Away from the cameras and the hype and the ridiculous nightclub appearances, Floyd Mayweather Jr. is probably a really good guy. He seems to genuinely care about his family and children. He's the consummate professional -- a natural talent who works exceptionally hard at his craft and has never been suspected of cheating in this era of steroids, doped-up athletes and artificial enhancement.
Unfortunately, he also has some really bad habits that make him an easy target and perennial punching bag for, well, just about everyone.
Currently, Mayweather is out doing some last-minute preparation for his upcoming bout against Victor Ortiz, scheduled for September 17 at the MGM Grand. The fight will be Mayweather’s first in 16 months and, as such, is being watched with a certain amount intrigue. Does Mayweather still have it? Will the speed still be there? The defensive ferocity?
Almost as interesting as all that, however, is hearing Mayweather speak on a myriad of issues at the obligatory press conferences including, but not limited to his arch rival – Manny Pacquiao.
Back in July of this year, Mayweather stood up on a podium and famously expressed his desire to fight his Filipino counterpart. He more or less acknowledged that it was the match that everyone wanted to see and, that he, being a man of the people and all, wanted to give them that bout. Since then, though, there’s been no movement towards that match. In fact, during a recent interview, Arum expressed a particularly pessimistic outlook regarding the fight ever coming together.
On Tuesday, Mayweather tried to set the record clean, actively dismissing the notion that he’s ducking Pacquiao and admitting that from time to time, he can contradict himself.
"I'm not ducking or dodging nobody, never have," Mayweather said. They say this guy who been beating and dominating for 16 years, he's scared of a guy. OK.
"Have I ever contradicted myself? Absolutely, I'm only human. When I get up on the podium and say 'Yeah, Pacquiao, you next' if that's all you want to hear, that's all I've got to give you. That's what you all want to hear anyway."
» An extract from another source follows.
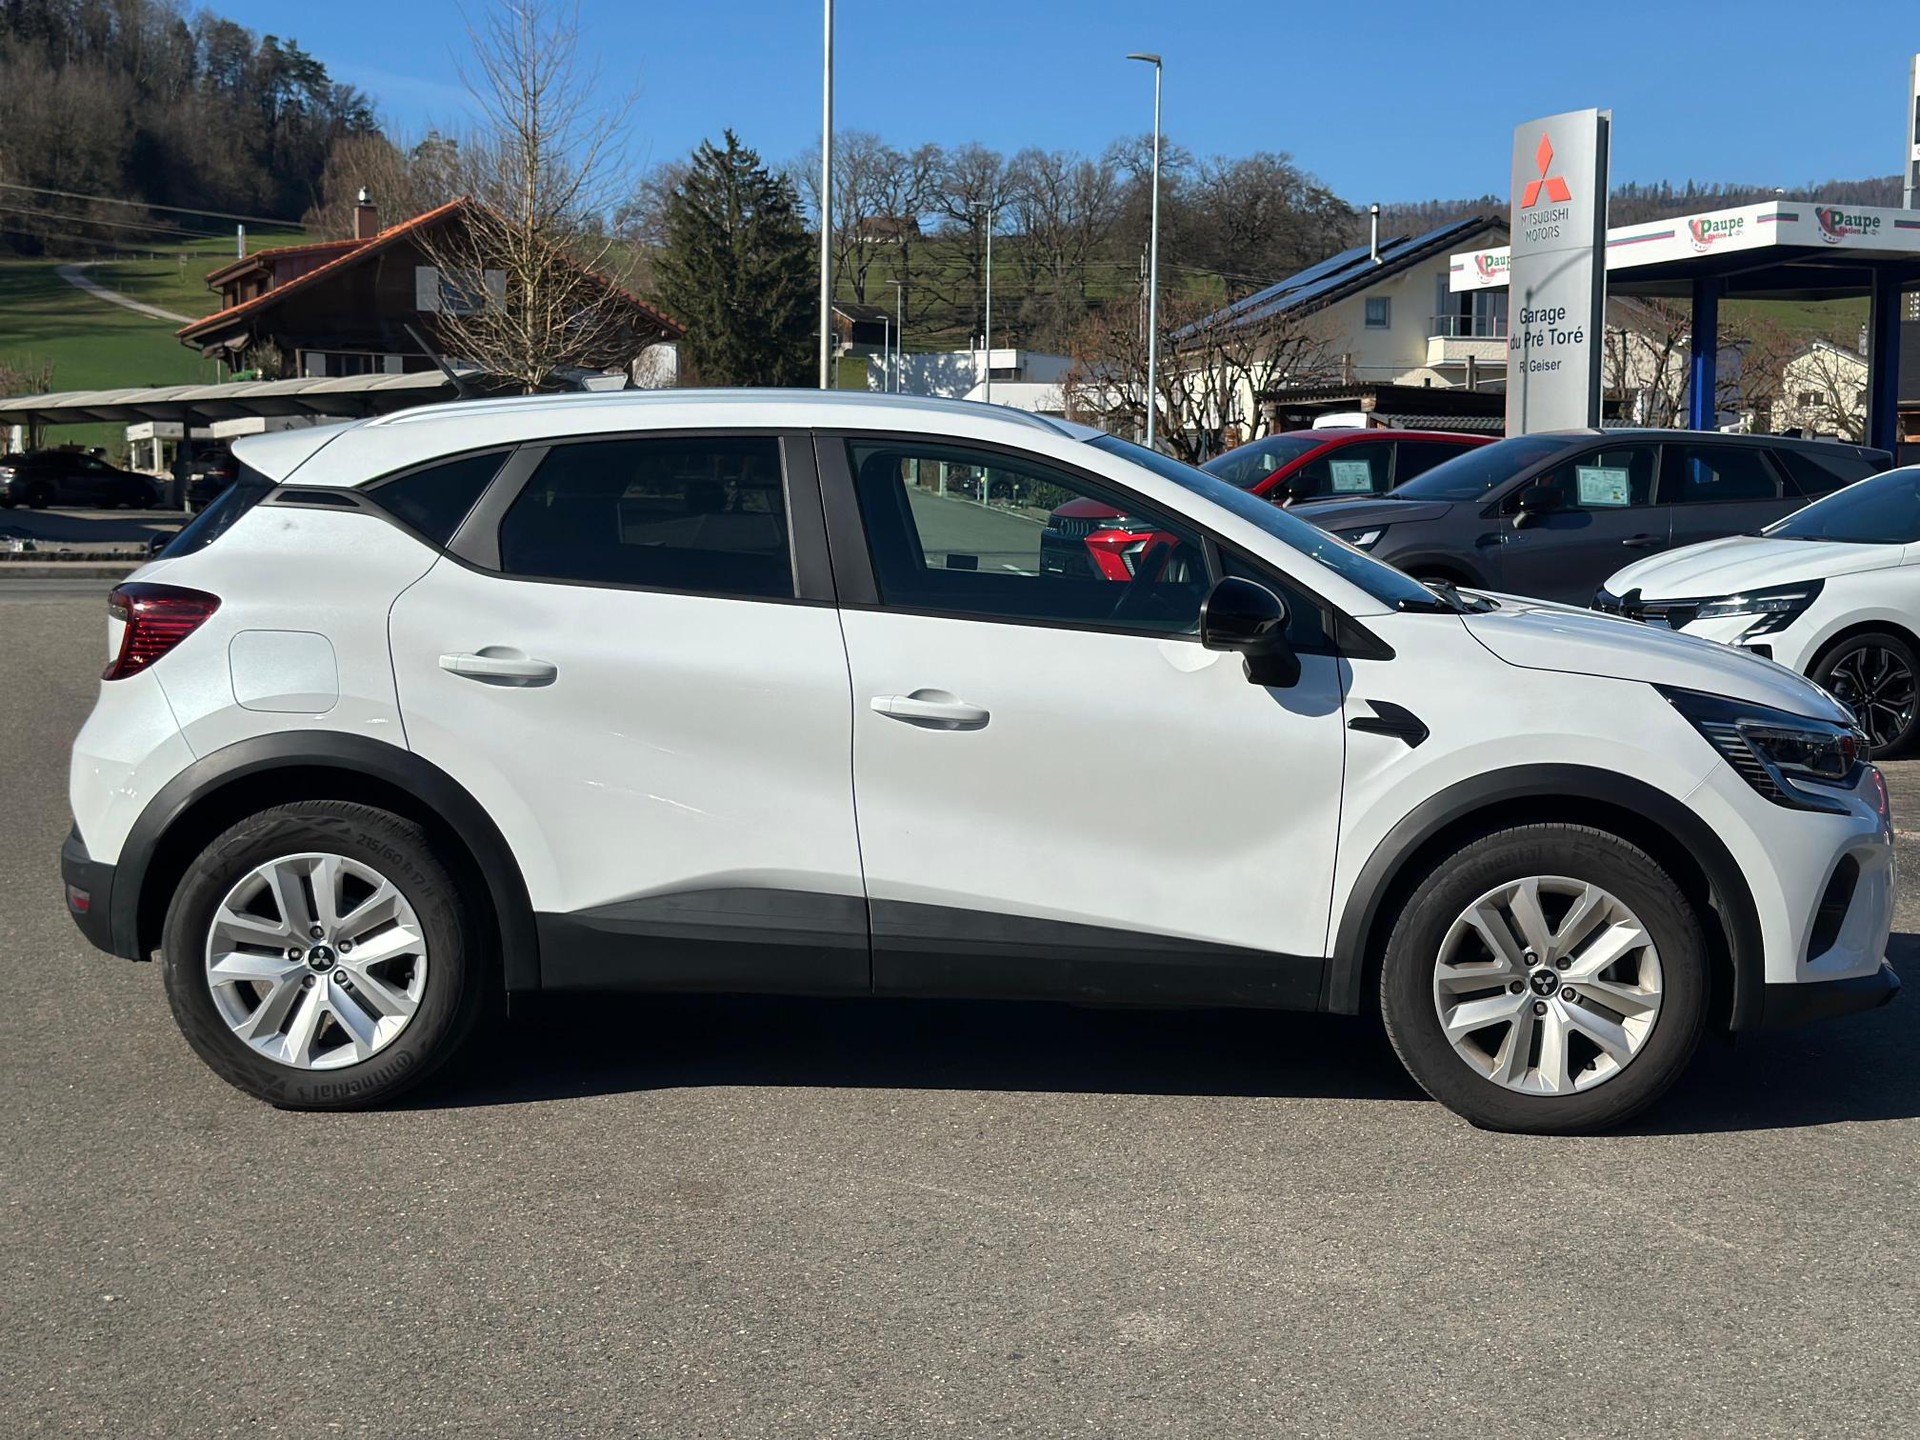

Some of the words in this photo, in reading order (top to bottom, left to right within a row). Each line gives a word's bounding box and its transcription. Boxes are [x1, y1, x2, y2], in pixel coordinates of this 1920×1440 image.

In a way, Mayweather’s response was refreshingly human. From a guy that seems to put on a front at all times, this statement reeked of honesty and self-awareness. It was the Mayweather that his fans always knew was in there somewhere, but rarely showed his face anymore.
But then, Mayweather delved into why he was troubled by his Filipino counterpart.
"When you see an athlete like Michael Jordan in college, you see he's going to be great," Mayweather said. "When you see LeBron James, you say he's going to be great. You see (Muhammad) Ali, you see Sugar Ray Leonard, you see all these fighters, even myself, you say from the beginning, he's going to be great. A guy doesn't (turn) 24 or 25 and just become great.
"I know what happens in this sport. A guy don't all of the sudden get to a certain age and just become good," Mayweather said. "Certain years, where was this guy at? He all of the sudden just pop up, become good and just punching hard out of the blue? C'mon, man. Make this make sense."
So long as Mayweather continues to allude to Pacquiao juicing, whether he explicitly states the words or not, a fight between these two men will not happen. Plain and simple. This, mind you, is bad news for Mayweather, not Pacquiao. The latter has already been embraced by boxing fans and pundits all over as the “good guy” in all of this, and as such, he doesn’t need to fight Mayweather before he retires. Mayweather, however, is now viewed as a ducker – and no matter how long his undefeated record stands the test of time, it’s missing the only win that matters.
On Tuesday Mayweather showed one and all that they really shouldn’t buy into the hype. Pacquiao v. Mayweather isn’t close to being made. It never was and, unfortunately, it looks like it never will be.